===== Given entries
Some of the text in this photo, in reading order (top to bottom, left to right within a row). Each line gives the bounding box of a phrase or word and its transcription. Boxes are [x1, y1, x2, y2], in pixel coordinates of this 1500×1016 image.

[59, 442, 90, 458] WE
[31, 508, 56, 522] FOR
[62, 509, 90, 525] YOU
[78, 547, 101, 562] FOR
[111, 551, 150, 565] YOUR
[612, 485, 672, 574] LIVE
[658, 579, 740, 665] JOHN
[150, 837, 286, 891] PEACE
==========
What you are asked to do: Print the entire listing above once more, with nothing changed.

Final answer:
Some of the text in this photo, in reading order (top to bottom, left to right within a row). Each line gives the bounding box of a phrase or word and its transcription. Boxes are [x1, y1, x2, y2], in pixel coordinates of this 1500×1016 image.

[59, 442, 90, 458] WE
[31, 508, 56, 522] FOR
[62, 509, 90, 525] YOU
[78, 547, 101, 562] FOR
[111, 551, 150, 565] YOUR
[612, 485, 672, 574] LIVE
[658, 579, 740, 665] JOHN
[150, 837, 286, 891] PEACE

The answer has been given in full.